Laura era immersa in questi pensieri, mentre senza accorgersene aveva finito le ciambelle. Eppure c’era qualcosa che la rendeva nervosa, restia a lanciarsi in un’avventura dai contorni incerti. Forse era l’istinto di conservazione, che la frenava, perché percepiva di essere meno amabile o appetibile. Avrebbe desiderato essere amata e riamare a sua volta, ma era la sensazione di lasciare tutto al caso che non la convinceva. Doveva prendere in mano il suo destino e decidere cosa fare del suo futuro. Capiva di essere ancora una ragazza po’ timida ma non quella solitaria e superba di un tempo. Non si era spaventata, quando il Duca le aveva rivolto la parola, perché nel bene e nel male aveva un’idea sufficientemente precisa e chiara di quello che voleva. Doveva trovare solo la strada per raggiungere l’obiettivo che aveva in mente per poter dire a se stessa che se lo era guadagnato. Desiderava costruirsi un percorso per diventare una nuova donna senza aspettare che qualcuno le desse valore.

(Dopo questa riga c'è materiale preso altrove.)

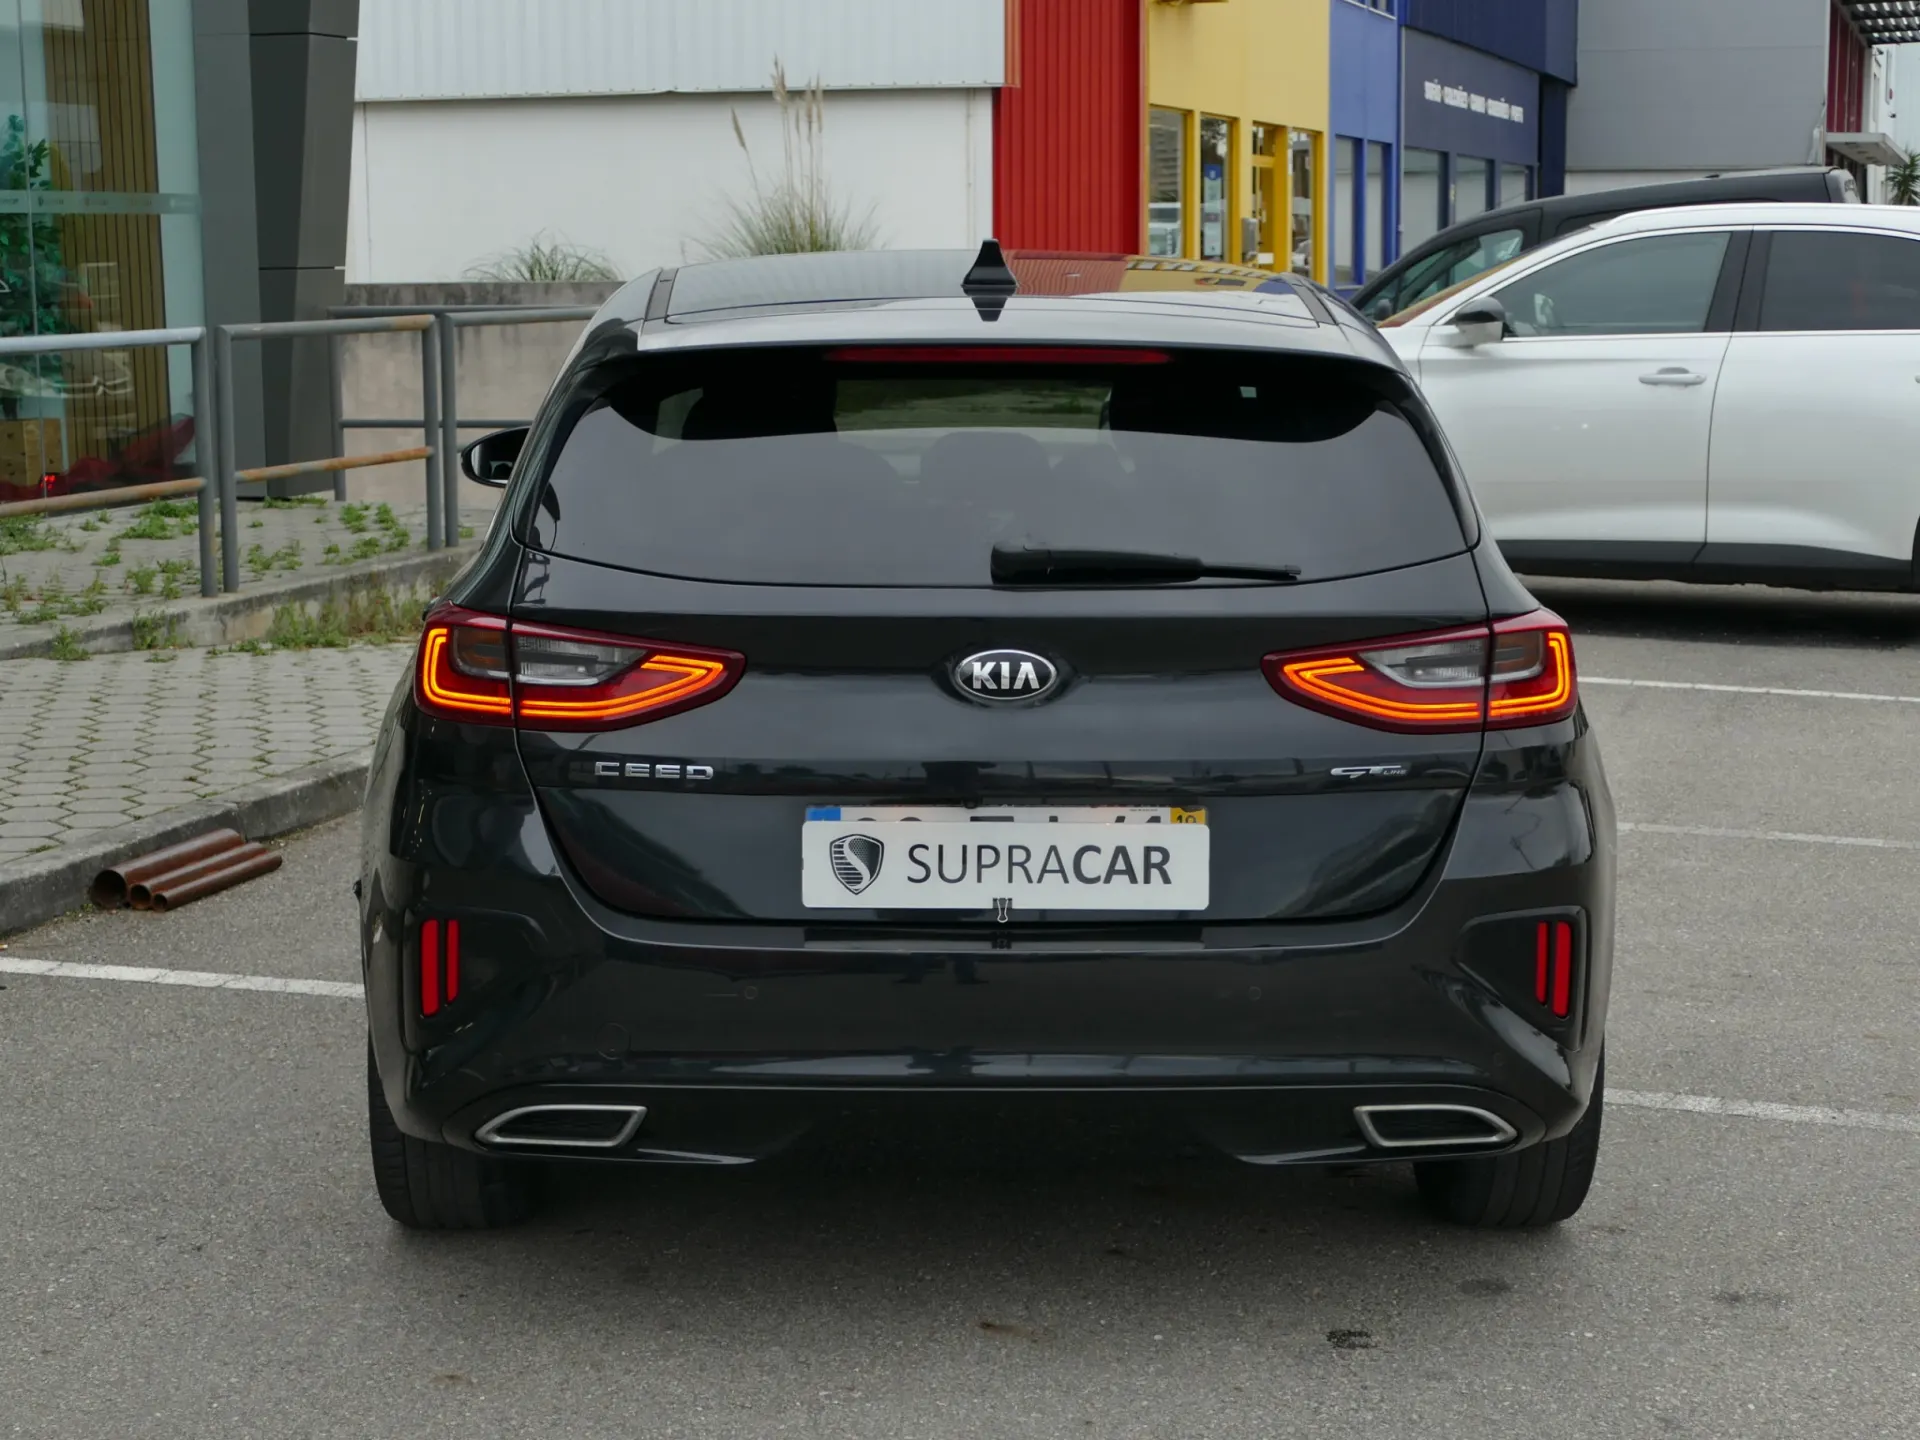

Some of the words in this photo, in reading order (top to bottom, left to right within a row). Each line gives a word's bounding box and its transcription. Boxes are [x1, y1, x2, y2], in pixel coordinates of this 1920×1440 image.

[972, 661, 1040, 690] KIA
[594, 761, 714, 780] CEED
[1330, 765, 1401, 779] GT
[906, 843, 1172, 886] SUPRACAR

“A cosa state pensando” le chiese la madre vedendola assorta con la scodella del latte ormai freddo.
“A nulla, madre. A nulla” rispose pronta, riprendendo il lavoro interrotto.

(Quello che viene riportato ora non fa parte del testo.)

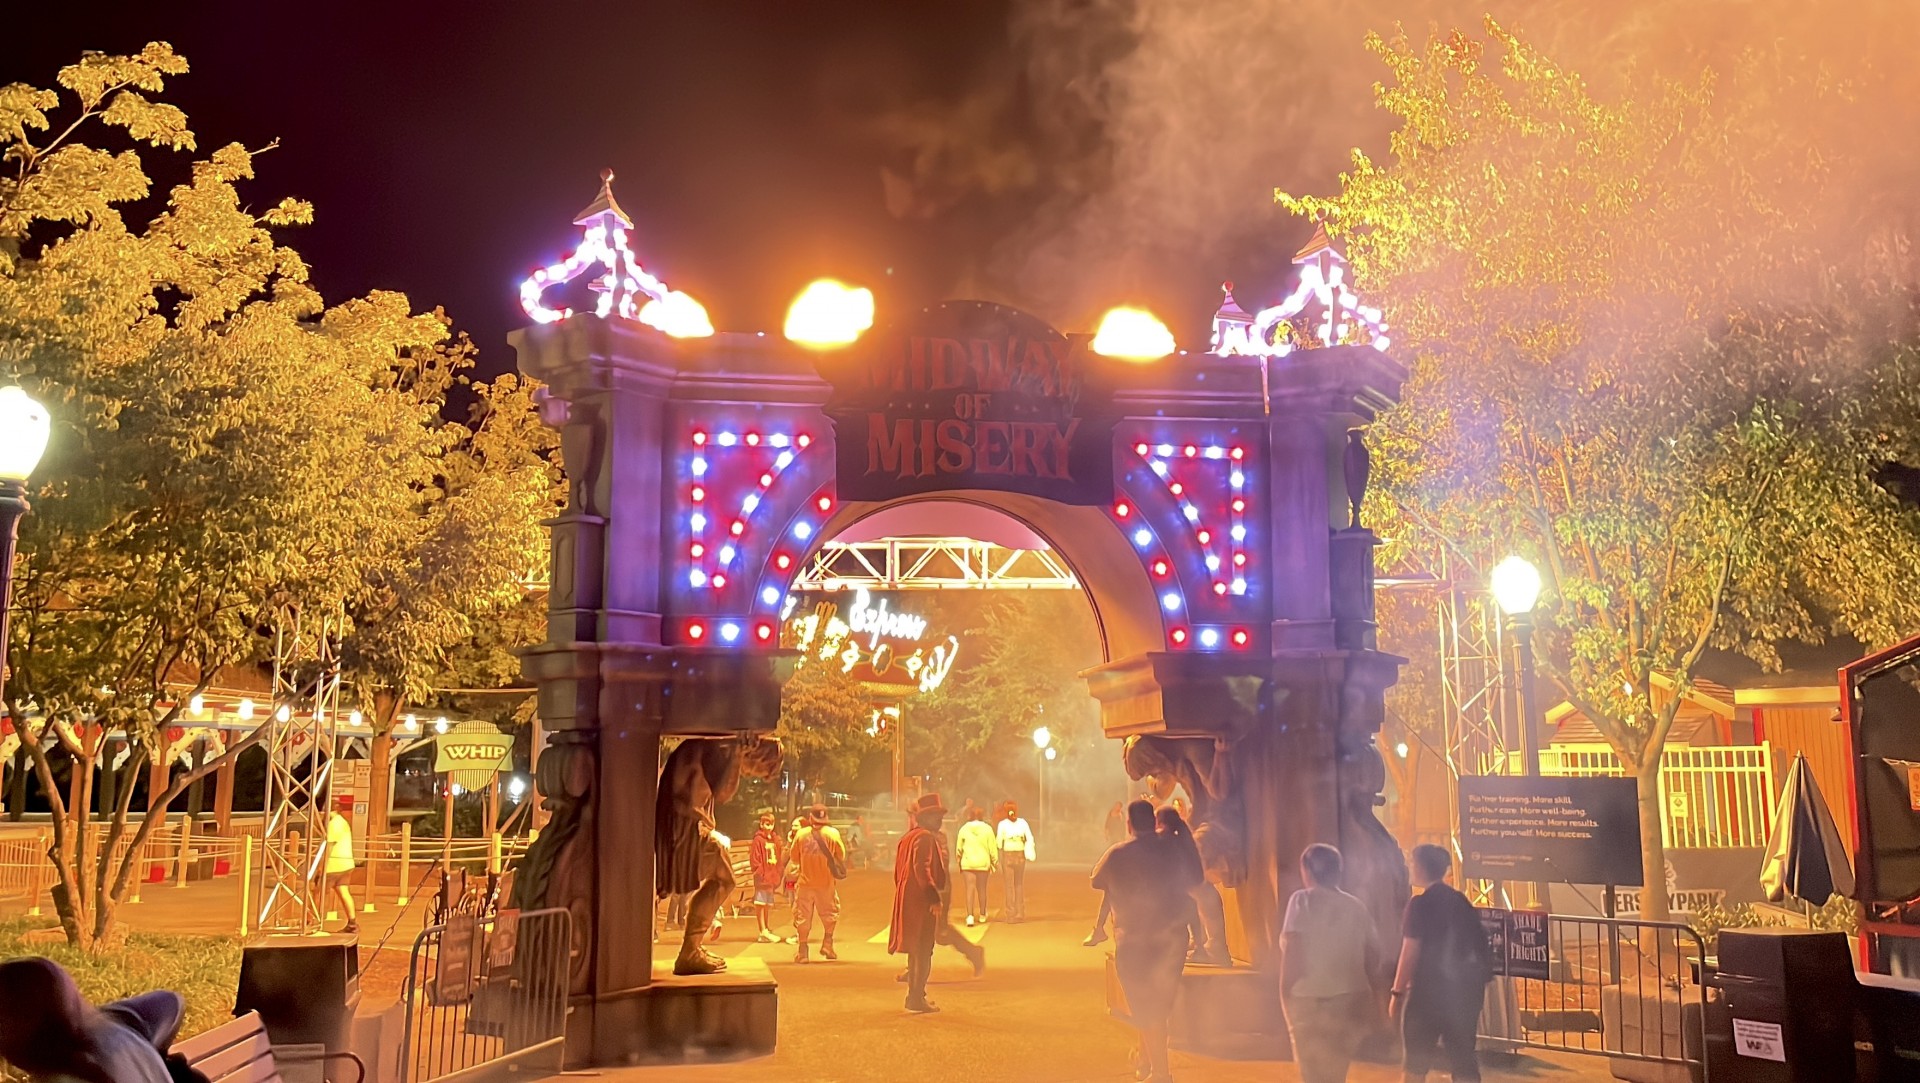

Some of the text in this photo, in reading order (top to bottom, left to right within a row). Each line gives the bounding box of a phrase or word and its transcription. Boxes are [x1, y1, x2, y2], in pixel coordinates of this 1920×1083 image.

[861, 336, 1080, 395] MIDWAY
[953, 393, 992, 419] OF
[864, 412, 1082, 482] MISERY
[444, 744, 507, 760] WHIP
[1532, 796, 1553, 804] More
[1520, 806, 1541, 814] More
[1470, 817, 1498, 825] Further
[1547, 818, 1568, 827] More
[1569, 819, 1599, 827] results.
[1470, 828, 1499, 836] Further
[1535, 829, 1557, 838] More
[1521, 932, 1536, 945] THE
[1510, 942, 1547, 962] FRIGHTS
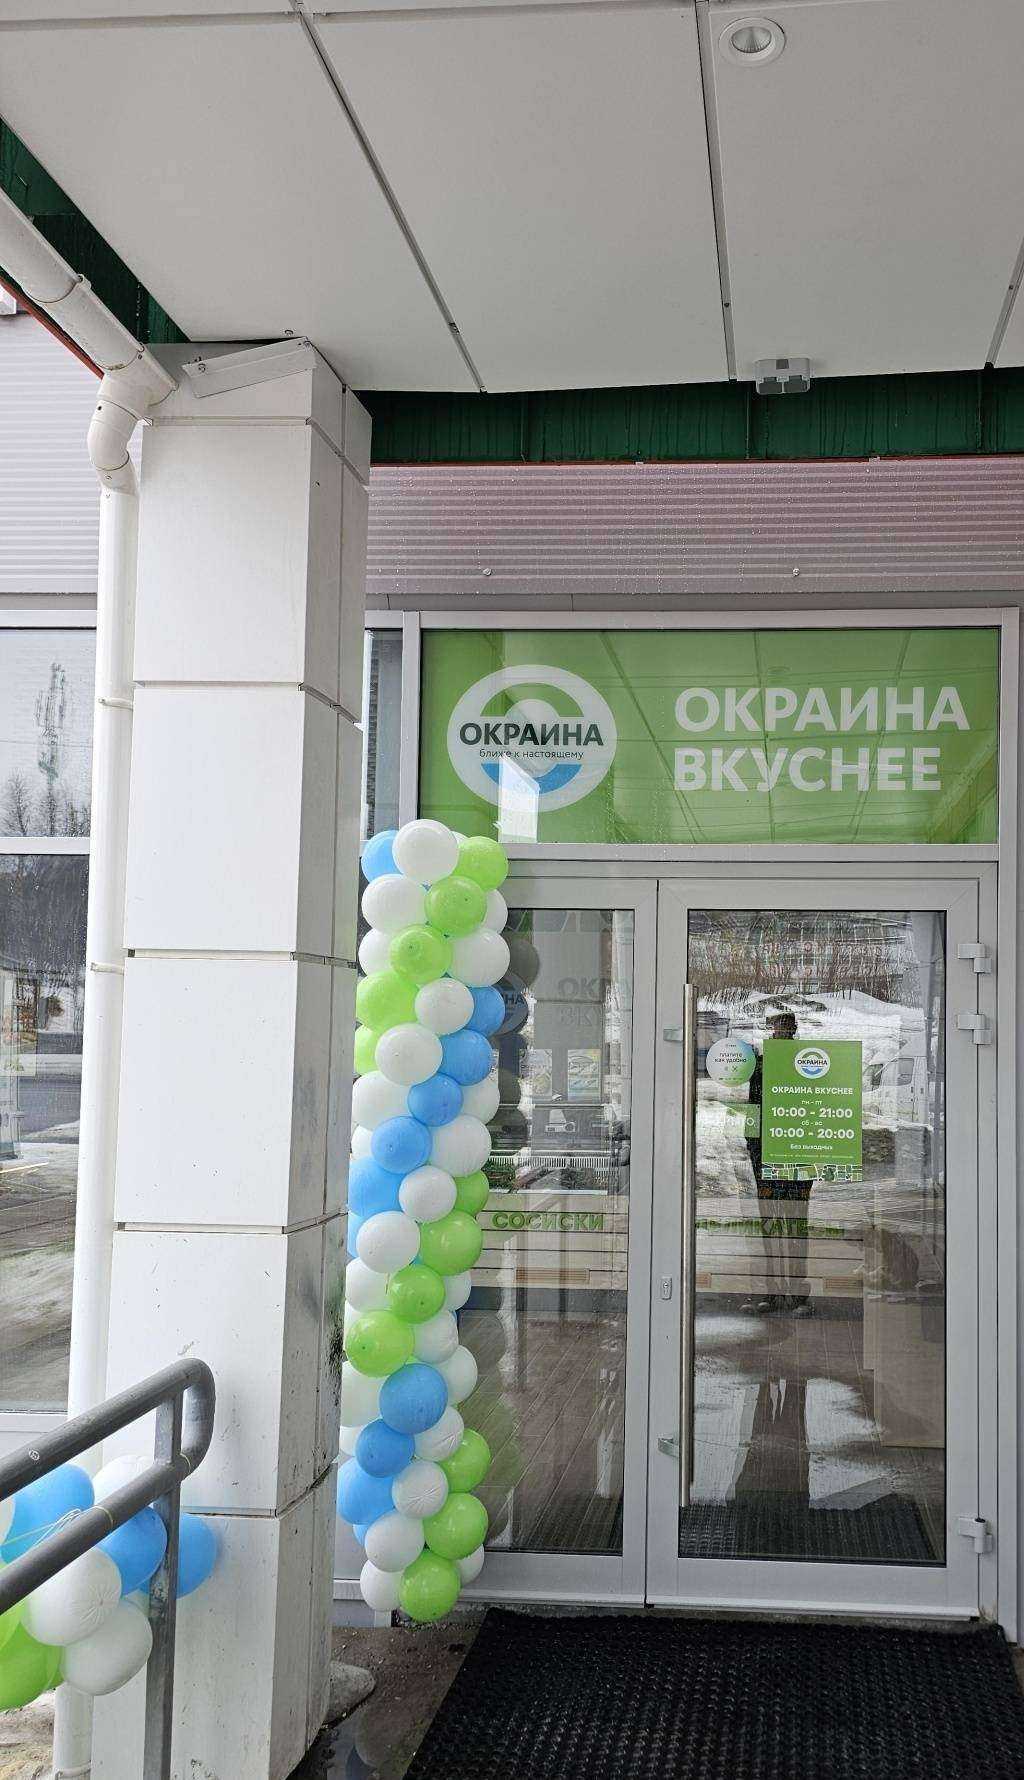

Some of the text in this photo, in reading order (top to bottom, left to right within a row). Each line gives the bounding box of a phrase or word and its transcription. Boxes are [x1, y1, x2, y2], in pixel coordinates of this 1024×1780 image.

[674, 686, 971, 732] ОКРАИНА
[459, 722, 604, 746] ОКРАИНА
[479, 749, 511, 758] ближе
[522, 751, 584, 760] настоящему
[674, 747, 941, 792] ВКУСНЕЕ
[771, 1086, 854, 1095] ОКРАИНА ВКУСНЕЕ
[771, 1106, 807, 1118] 10:00
[818, 1107, 853, 1119] 21:00
[769, 1127, 805, 1138] 10:00
[817, 1128, 855, 1140] 20:00
[492, 1212, 604, 1231] СОСИСКИ

8 risposte a “Capitolo 14”

  1. Buon mattino ,Gian Paolo. Anche Laura, come tutte le persone nate senza un vita agiata e
    con la prospettiva di un futuro ancora più amaro inizia a considerare le “attenzioni” del duca.

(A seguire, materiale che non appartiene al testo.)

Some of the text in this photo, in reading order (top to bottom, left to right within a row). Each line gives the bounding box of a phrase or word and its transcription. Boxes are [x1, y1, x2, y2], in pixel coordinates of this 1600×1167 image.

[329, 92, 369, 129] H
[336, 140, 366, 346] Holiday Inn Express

    Il pensiero, inizia così, a farsi un bella strada, pur tormentato da sacrosanti dubbi
    Stamattina le ciambelle di Laura mi hanno fatto compagnia col mio caffè.
    Ti seguo…mi piace come e ciò che scrivi
    Un abbraccio
    Mistral

    1. E’ stato un amore reale quello tra Laura e Alfonso che vissero come coniugi dopo la morte di Lucrezia. lei ebbe molti vantaggi in termini economici e un figlio di un loro figlio fu quel Cesare che fu costretto ad abbandonare Ferrara e rifugiarsi a Modena dove proseguì il ducato estense fino al 1859.
      Si dice che il certificato di matrimonio tra laura e Alfonso sia stato bruciato da un fratellastro per evitare pericoli nella successione a Duca.
      Quindi questo capitolo in qualche modo serve di raccordo per quelli successivi.
      Grazie per l’assiduità nel segurmi e un grande abbraccio.
      Buona serata
      Gian Paolo

  2. ciao mi fa molto piacere che sei passato, come vedi anche io latito per un po’ e cmq dovrei , al solito, leggermi tutti i capitoli precedenti, per cui non posso commentare il post ma un saluto lo lascio molto volentieri, ciao.